Effects of morphine on place conditioning and ERK1/2 phosphorylation in the nucleus accumbens of psychogenetically selected Roman low- and high-avoidance rats

Abstract

Extracellular signal-regulated kinase (ERK1/2) phosphorylation is critical for neuronal and behavioural functions; in particular, phosphorylated ERK1/2 (pERK1/2) expression in the nucleus accumbens (Acb) of the rat is stimulated by addictive drugs with the exception of morphine, which decreases accumbal ERK1/2 phosphorylation in the Sprague-Dawley and Wistar rats. The psychogenetically selected Roman low- (RLA) and high-avoidance (RHA) rats differ behaviourally and neurochemically in many responses to addictive drugs. In particular, morphine elicits a greater increment in locomotor activity and in dopamine transmission in the Acb of RHA vs RLA rats. However, the effects of morphine on place conditioning (conditioned place preference (CPP)) and ERK1/2 phosphorylation in the Roman lines remain unknown. To characterize in the Roman lines the reinforcing properties of morphine (i.e. morphine-elicited CPP acquisition) and the relationship between these properties and its effects on ERK1/2 phosphorylation in the Acb, the behavioural effects of morphine were evaluated in a place-conditioning apparatus and ERK1/2 phosphorylation was assessed by immunohistochemistry in the shell and core subregions of the Acb of rats both acutely administered with morphine or undergoing conditioning.

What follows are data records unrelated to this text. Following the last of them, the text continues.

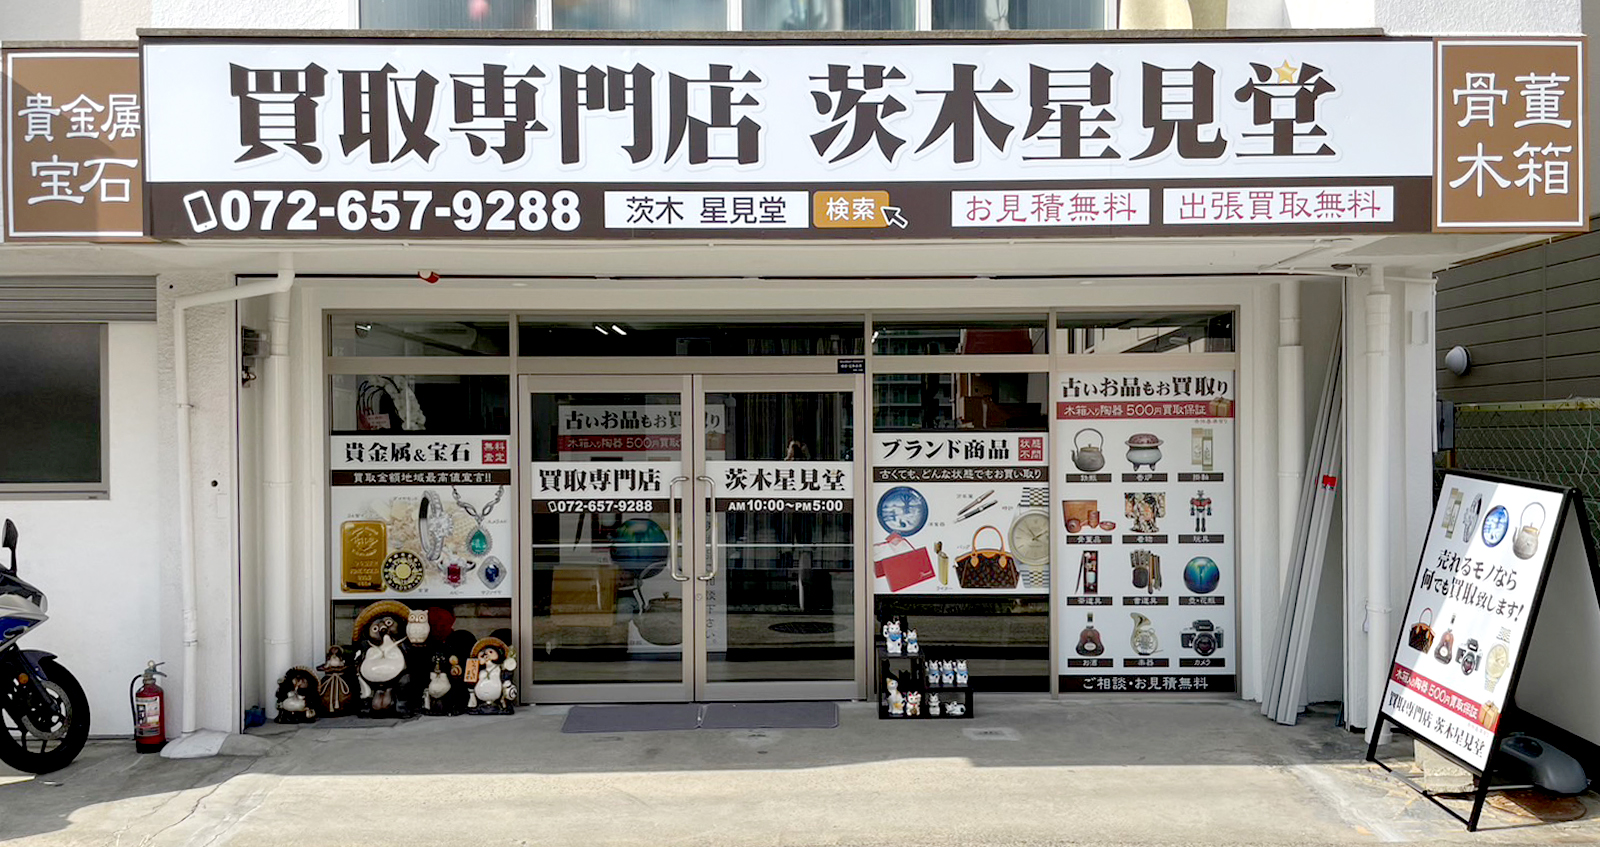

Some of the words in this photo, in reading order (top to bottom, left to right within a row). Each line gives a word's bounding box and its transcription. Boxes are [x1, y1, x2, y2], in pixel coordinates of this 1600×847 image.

[229, 62, 764, 166] 買取専門店
[808, 60, 1336, 163] 茨木星見堂
[1452, 71, 1573, 129] 骨董
[17, 91, 141, 142] 貴金属
[27, 153, 139, 206] 宝石
[1448, 141, 1574, 198] 木箱
[220, 191, 581, 233] 072-657-9288
[626, 196, 684, 225] 茨木
[699, 196, 787, 225] 星見堂
[825, 196, 877, 222] 検索
[965, 191, 1137, 224] お見積無料
[1179, 189, 1381, 222] 出張買取無料
[1061, 376, 1229, 398] 古いお品もお買取り
[565, 409, 721, 430] 古いお品もお買り
[345, 441, 471, 464] 貴金属&宝石
[881, 438, 1011, 461] ブランド商品
[539, 468, 662, 493] 買取専門店
[724, 467, 846, 492] 茨木星見堂
[557, 500, 654, 513] 072-657-9288
[1436, 549, 1518, 591] 売れるモノなら
[1420, 567, 1525, 622] 何でも買取致します!
[1193, 657, 1211, 667] カメラ
[1083, 677, 1208, 691] ご相談・お見積無料
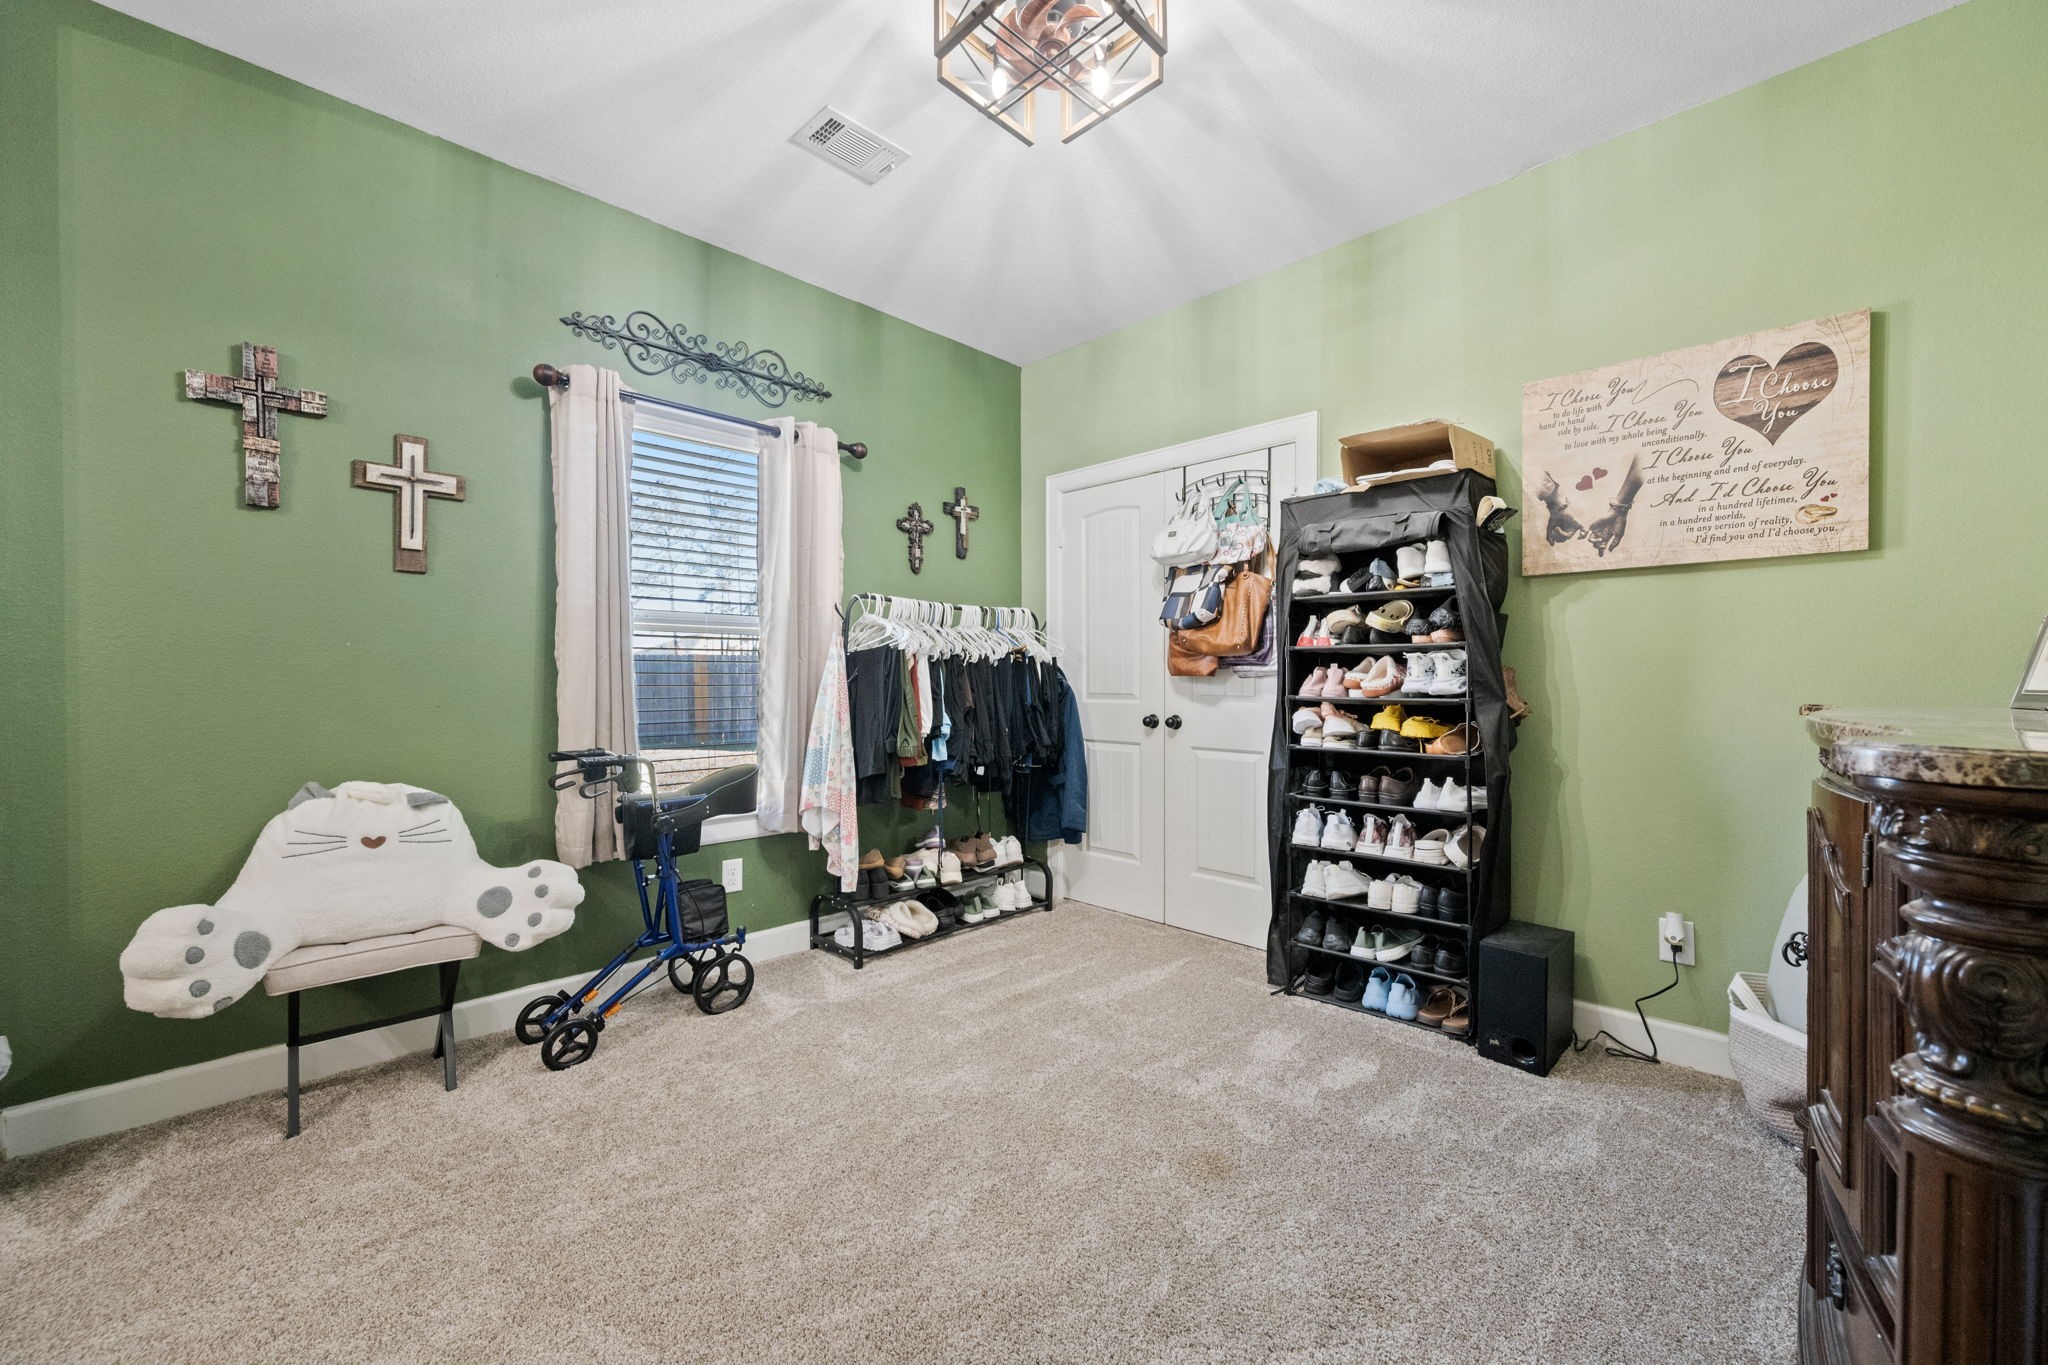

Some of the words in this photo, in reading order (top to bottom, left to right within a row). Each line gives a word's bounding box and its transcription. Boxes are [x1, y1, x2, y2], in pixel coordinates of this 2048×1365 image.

[1539, 392, 1562, 411] I
[1560, 389, 1601, 407] Choose
[1607, 377, 1638, 407] You
[1720, 363, 1768, 406] I
[1760, 371, 1832, 399] Choose
[1562, 409, 1571, 418] do
[1572, 406, 1584, 418] life
[1586, 403, 1602, 412] with
[1599, 414, 1624, 434] I
[1622, 410, 1667, 429] Choose
[1672, 399, 1704, 430] You
[1753, 398, 1799, 434] You
[1539, 422, 1557, 430] hand
[1567, 416, 1585, 425] hand
[1557, 428, 1571, 436] side
[1573, 425, 1581, 434] by
[1583, 423, 1599, 432] side.
[1574, 440, 1588, 449] love
[1590, 437, 1607, 446] with
[1608, 436, 1620, 444] my
[1622, 431, 1644, 441] whole
[1646, 427, 1668, 437] being
[1641, 431, 1707, 448] unconditionally.
[1642, 449, 1669, 470] I
[1666, 446, 1714, 466] Choose
[1720, 436, 1754, 467] You
[1647, 477, 1656, 485] at
[1657, 473, 1670, 483] the
[1671, 469, 1712, 483] beginning
[1714, 465, 1731, 476] and
[1733, 463, 1749, 473] end
[1751, 460, 1764, 473] of
[1764, 456, 1807, 471] everyday.
[1650, 484, 1699, 507] And
[1699, 481, 1739, 502] I'd
[1741, 477, 1795, 497] Choose
[1800, 466, 1838, 500] You
[1698, 504, 1708, 513] in
[1717, 500, 1753, 511] hundred
[1756, 495, 1798, 508] lifetimes,
[1659, 519, 1668, 527] in
[1677, 514, 1712, 525] hundred
[1714, 511, 1747, 522] worlds,
[1696, 525, 1712, 534] any
[1715, 520, 1746, 531] version
[1748, 518, 1758, 529] of
[1760, 515, 1793, 527] reality,
[1695, 534, 1708, 544] I'd
[1708, 533, 1727, 545] find
[1729, 532, 1745, 543] you
[1747, 529, 1765, 539] and
[1767, 527, 1781, 537] I'd
[1783, 526, 1815, 536] choose
[1814, 526, 1838, 538] you.

Morphine elicited CPP in both Roman lines and decreased pERK1/2 expression in the Acb of RLA but not RHA rats. Such decrease was prevented by conditioning. These findings indicate that the selective breeding of the Roman lines has generated a divergence, in terms of morphine-elicited pERK1/2 expression but not of morphine-elicited CPP, between RLA and RHA rats and sustain the observation that changes in pERK1/2 expression in the Acb are not a requisite for the reinforcing effects of morphine.